◆ Problem statement
The result should be an exact copy of the entries below, free of pictures.

╔══

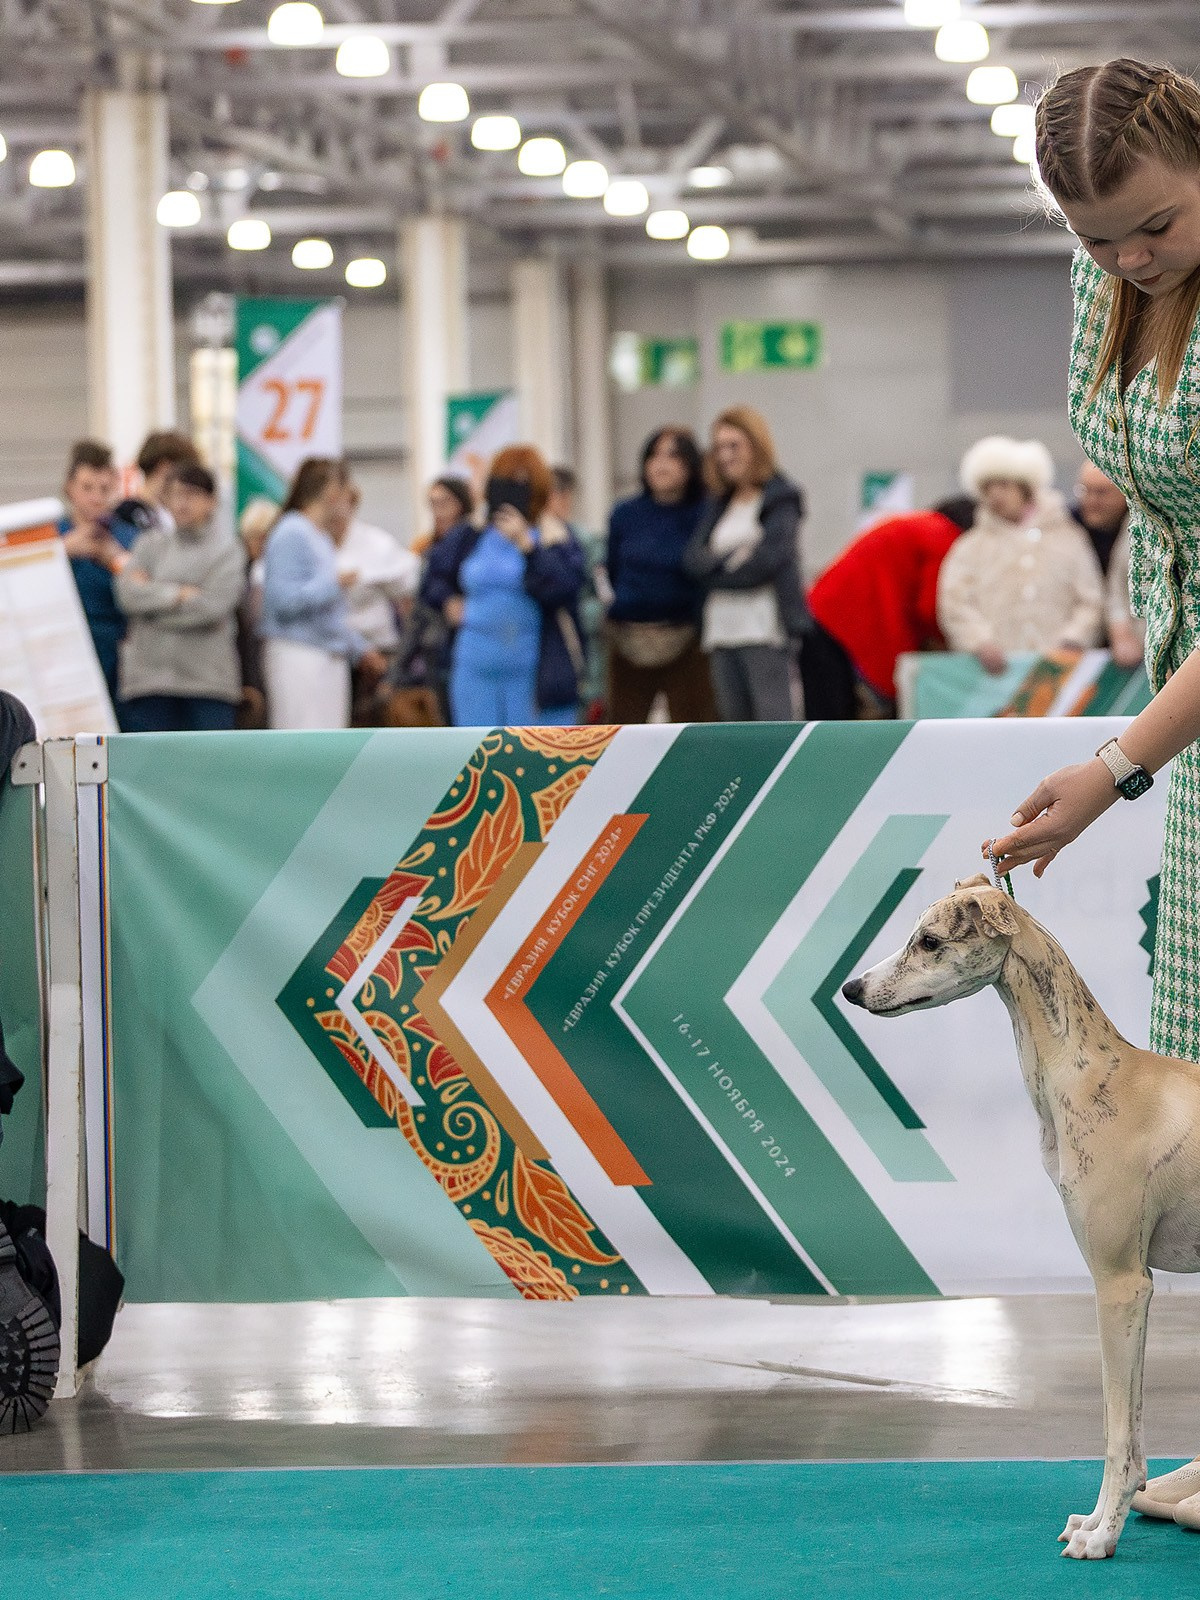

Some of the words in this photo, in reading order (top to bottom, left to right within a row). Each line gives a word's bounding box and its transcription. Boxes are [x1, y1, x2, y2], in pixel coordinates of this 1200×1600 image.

[261, 376, 325, 441] 27
[546, 889, 581, 935] КУБОК
[577, 858, 600, 892] СНГ
[605, 921, 642, 970] КУБОК
[636, 840, 701, 926] ПРЕЗИДЕНТА
[696, 808, 719, 842] РКФ
[672, 1013, 711, 1058] 16-17
[707, 1061, 766, 1134] НОЯБРЯ
[761, 1135, 797, 1178] 2024

╚══

◆ Answer area
Some of the words in this photo, in reading order (top to bottom, left to right within a row). Each line gives a word's bounding box and its transcription. Boxes are [x1, y1, x2, y2], in pixel coordinates of this 1200×1600 image.

[261, 376, 325, 441] 27
[546, 889, 581, 935] КУБОК
[577, 858, 600, 892] СНГ
[605, 921, 642, 970] КУБОК
[636, 840, 701, 926] ПРЕЗИДЕНТА
[696, 808, 719, 842] РКФ
[672, 1013, 711, 1058] 16-17
[707, 1061, 766, 1134] НОЯБРЯ
[761, 1135, 797, 1178] 2024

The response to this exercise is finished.